▽

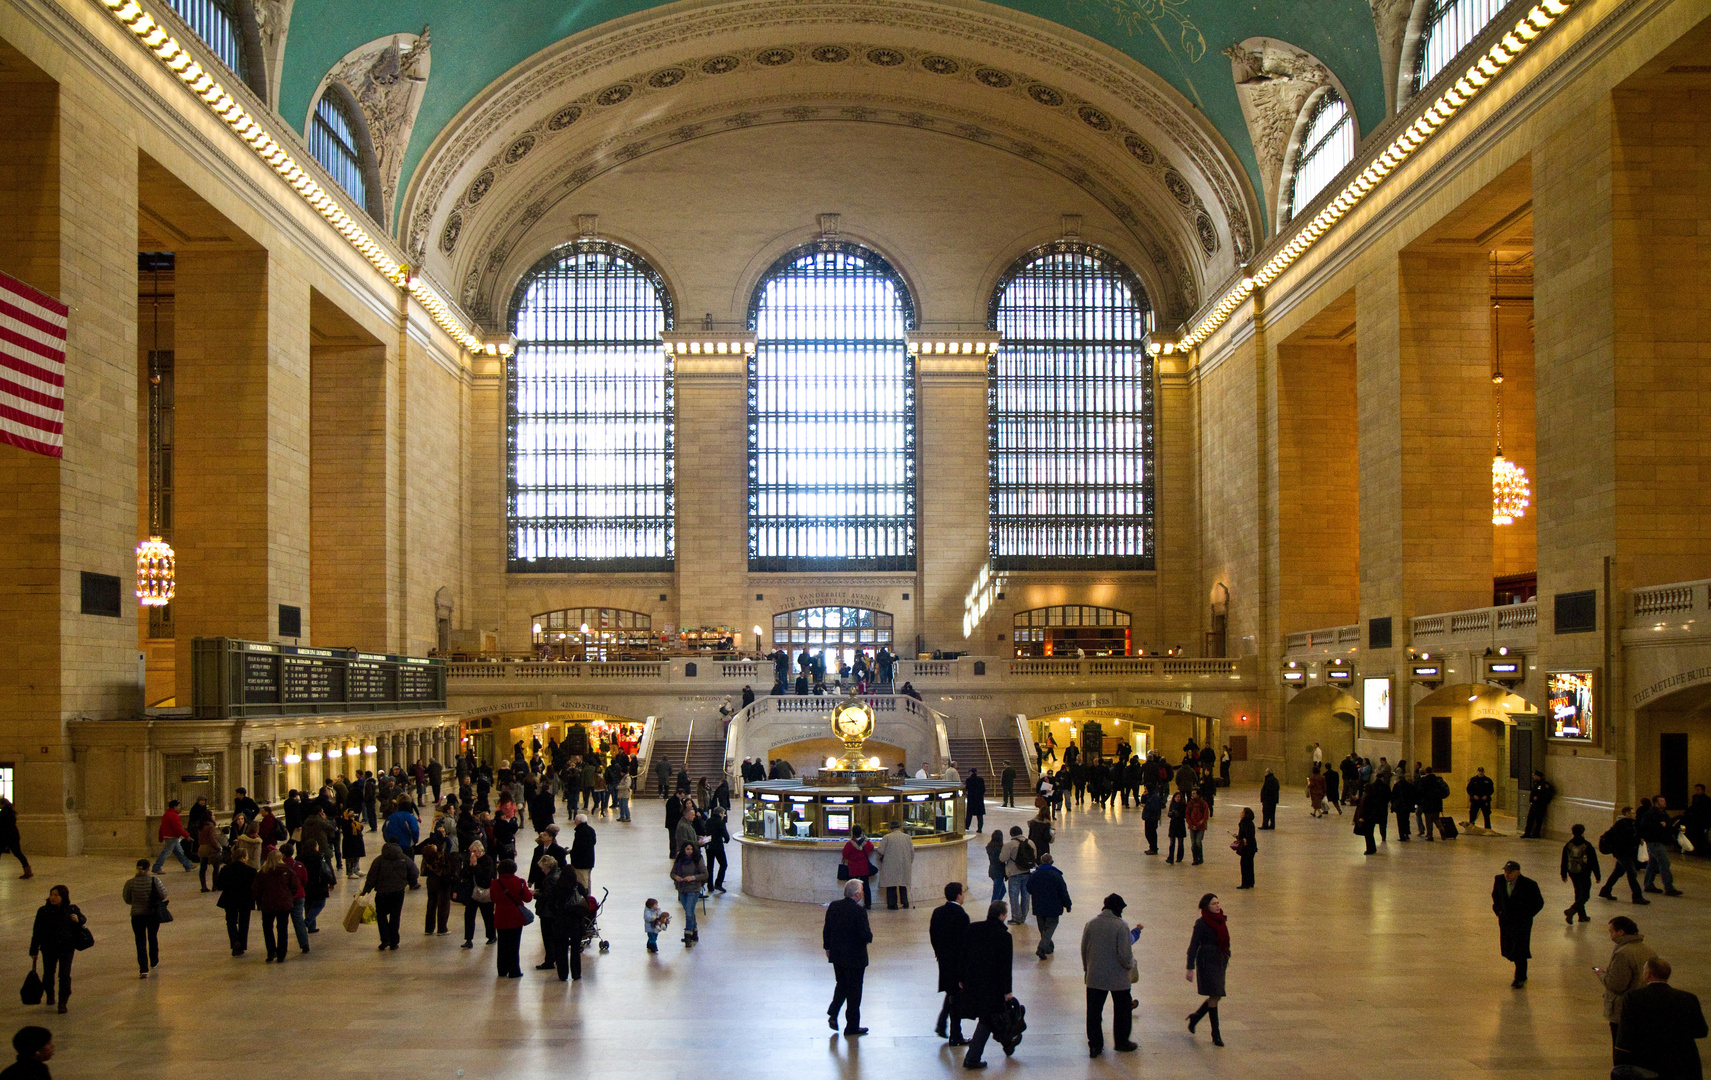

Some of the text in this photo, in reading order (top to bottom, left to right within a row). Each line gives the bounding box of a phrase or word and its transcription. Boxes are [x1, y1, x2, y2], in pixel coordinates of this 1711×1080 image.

[800, 592, 846, 600] VANDERBILT
[851, 593, 880, 601] AVENUE
[780, 598, 887, 610] THE CAMPBELL APARTMENT
[1633, 688, 1651, 704] THE
[1650, 672, 1686, 695] METLIFE
[560, 701, 610, 712] 42ND STREET
[1042, 703, 1068, 713] TICKET
[1549, 696, 1569, 709] PAWN
[468, 701, 535, 716] SUBWAY SHUTTLE
[1084, 709, 1134, 719] WAITING ROOM
[771, 737, 791, 747] DINING
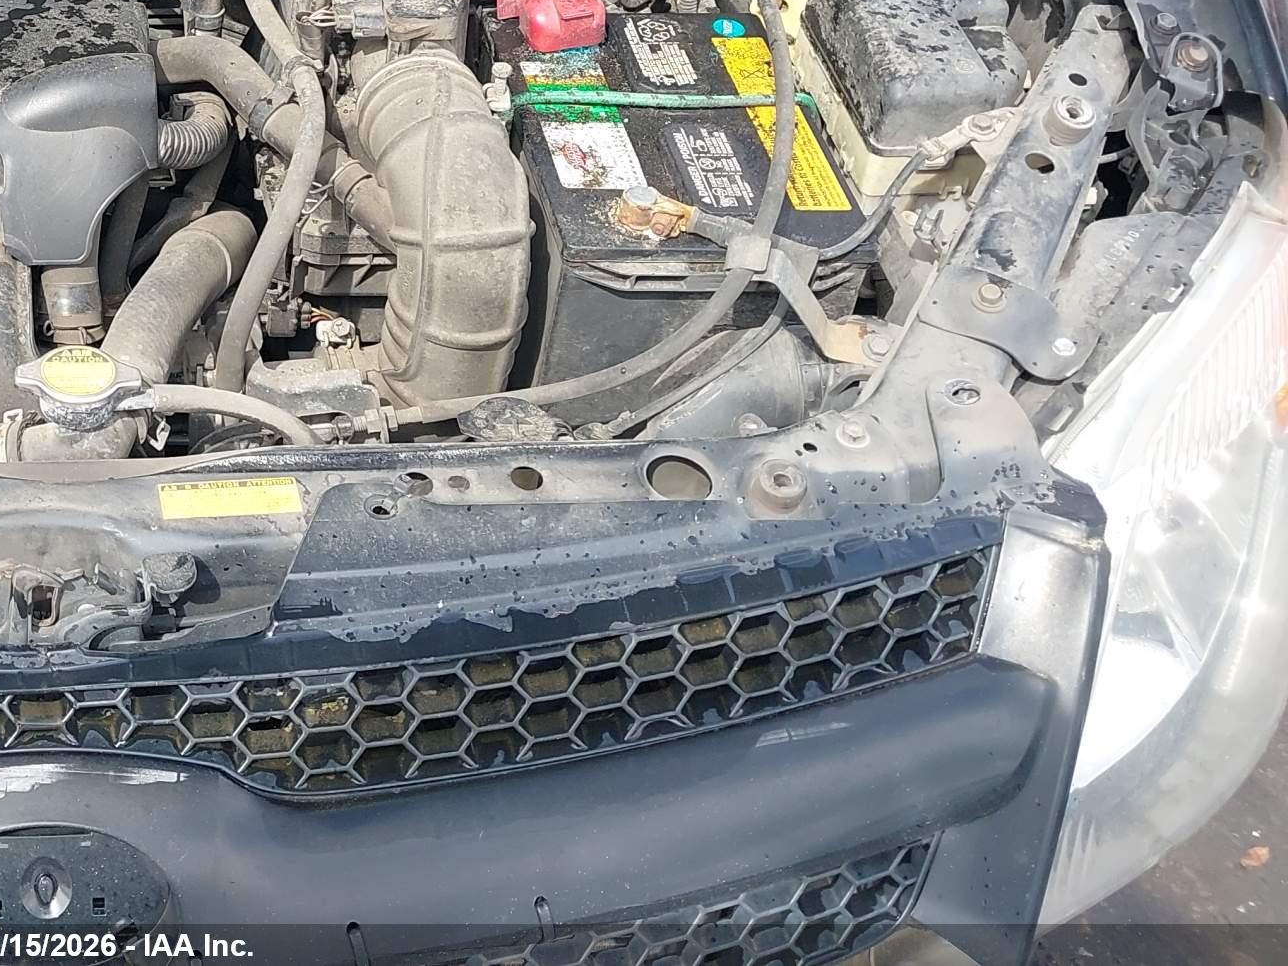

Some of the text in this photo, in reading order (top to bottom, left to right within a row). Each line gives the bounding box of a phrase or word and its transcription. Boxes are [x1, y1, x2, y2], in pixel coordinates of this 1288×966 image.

[673, 133, 691, 160] POISON
[688, 166, 709, 196] DANGER
[199, 481, 240, 490] CAUTION

△

Everything in the listing above is to be given again exactly, apart from the pictures.

Some of the text in this photo, in reading order (top to bottom, left to right within a row). Each line gives the bounding box of a phrase or word and its transcription. Boxes are [x1, y1, x2, y2], in pixel coordinates of this 1711×1080 image.

[800, 592, 846, 600] VANDERBILT
[851, 593, 880, 601] AVENUE
[780, 598, 887, 610] THE CAMPBELL APARTMENT
[1633, 688, 1651, 704] THE
[1650, 672, 1686, 695] METLIFE
[560, 701, 610, 712] 42ND STREET
[1042, 703, 1068, 713] TICKET
[1549, 696, 1569, 709] PAWN
[468, 701, 535, 716] SUBWAY SHUTTLE
[1084, 709, 1134, 719] WAITING ROOM
[771, 737, 791, 747] DINING

Some of the text in this photo, in reading order (top to bottom, left to right within a row). Each line gives the bounding box of a phrase or word and its transcription. Boxes are [x1, y1, x2, y2], in pixel coordinates of this 1288×966 image.

[673, 133, 691, 160] POISON
[688, 166, 709, 196] DANGER
[199, 481, 240, 490] CAUTION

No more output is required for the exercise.